DATA FOR THIS EXERCISE
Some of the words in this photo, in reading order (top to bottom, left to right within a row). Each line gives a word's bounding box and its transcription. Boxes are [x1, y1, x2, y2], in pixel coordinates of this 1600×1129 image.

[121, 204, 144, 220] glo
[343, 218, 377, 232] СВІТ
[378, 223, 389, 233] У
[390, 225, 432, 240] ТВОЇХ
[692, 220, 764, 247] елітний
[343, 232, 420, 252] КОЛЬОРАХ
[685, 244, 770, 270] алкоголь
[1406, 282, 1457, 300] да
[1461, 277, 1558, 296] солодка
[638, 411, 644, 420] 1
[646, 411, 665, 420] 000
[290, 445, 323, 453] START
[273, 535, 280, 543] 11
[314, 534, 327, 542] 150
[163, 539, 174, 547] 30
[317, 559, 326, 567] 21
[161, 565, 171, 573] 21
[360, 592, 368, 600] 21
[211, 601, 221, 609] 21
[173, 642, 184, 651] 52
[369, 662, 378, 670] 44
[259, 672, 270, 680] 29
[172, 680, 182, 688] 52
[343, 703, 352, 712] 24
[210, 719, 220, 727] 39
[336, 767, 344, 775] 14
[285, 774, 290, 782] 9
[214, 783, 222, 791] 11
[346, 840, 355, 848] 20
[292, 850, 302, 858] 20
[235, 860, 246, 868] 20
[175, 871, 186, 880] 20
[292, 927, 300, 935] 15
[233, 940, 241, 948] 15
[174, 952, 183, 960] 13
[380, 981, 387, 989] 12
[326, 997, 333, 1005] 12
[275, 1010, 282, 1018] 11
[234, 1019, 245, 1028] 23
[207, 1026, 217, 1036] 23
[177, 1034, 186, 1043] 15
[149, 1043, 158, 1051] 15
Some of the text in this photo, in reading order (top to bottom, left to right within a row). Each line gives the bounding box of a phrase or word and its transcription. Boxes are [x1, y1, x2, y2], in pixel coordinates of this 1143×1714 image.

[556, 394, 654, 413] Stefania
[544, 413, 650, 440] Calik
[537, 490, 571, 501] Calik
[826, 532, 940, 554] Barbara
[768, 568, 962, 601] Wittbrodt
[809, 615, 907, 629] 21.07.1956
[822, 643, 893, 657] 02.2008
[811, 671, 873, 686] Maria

TASK DIRECTIONS
All of the material is to be copied word for word.

ANSWER SECTION
Some of the words in this photo, in reading order (top to bottom, left to right within a row). Each line gives a word's bounding box and its transcription. Boxes are [x1, y1, x2, y2], in pixel coordinates of this 1600×1129 image.

[121, 204, 144, 220] glo
[343, 218, 377, 232] СВІТ
[378, 223, 389, 233] У
[390, 225, 432, 240] ТВОЇХ
[692, 220, 764, 247] елітний
[343, 232, 420, 252] КОЛЬОРАХ
[685, 244, 770, 270] алкоголь
[1406, 282, 1457, 300] да
[1461, 277, 1558, 296] солодка
[638, 411, 644, 420] 1
[646, 411, 665, 420] 000
[290, 445, 323, 453] START
[273, 535, 280, 543] 11
[314, 534, 327, 542] 150
[163, 539, 174, 547] 30
[317, 559, 326, 567] 21
[161, 565, 171, 573] 21
[360, 592, 368, 600] 21
[211, 601, 221, 609] 21
[173, 642, 184, 651] 52
[369, 662, 378, 670] 44
[259, 672, 270, 680] 29
[172, 680, 182, 688] 52
[343, 703, 352, 712] 24
[210, 719, 220, 727] 39
[336, 767, 344, 775] 14
[285, 774, 290, 782] 9
[214, 783, 222, 791] 11
[346, 840, 355, 848] 20
[292, 850, 302, 858] 20
[235, 860, 246, 868] 20
[175, 871, 186, 880] 20
[292, 927, 300, 935] 15
[233, 940, 241, 948] 15
[174, 952, 183, 960] 13
[380, 981, 387, 989] 12
[326, 997, 333, 1005] 12
[275, 1010, 282, 1018] 11
[234, 1019, 245, 1028] 23
[207, 1026, 217, 1036] 23
[177, 1034, 186, 1043] 15
[149, 1043, 158, 1051] 15
Some of the text in this photo, in reading order (top to bottom, left to right within a row). Each line gives the bounding box of a phrase or word and its transcription. Boxes are [x1, y1, x2, y2], in pixel coordinates of this 1143×1714 image.

[556, 394, 654, 413] Stefania
[544, 413, 650, 440] Calik
[537, 490, 571, 501] Calik
[826, 532, 940, 554] Barbara
[768, 568, 962, 601] Wittbrodt
[809, 615, 907, 629] 21.07.1956
[822, 643, 893, 657] 02.2008
[811, 671, 873, 686] Maria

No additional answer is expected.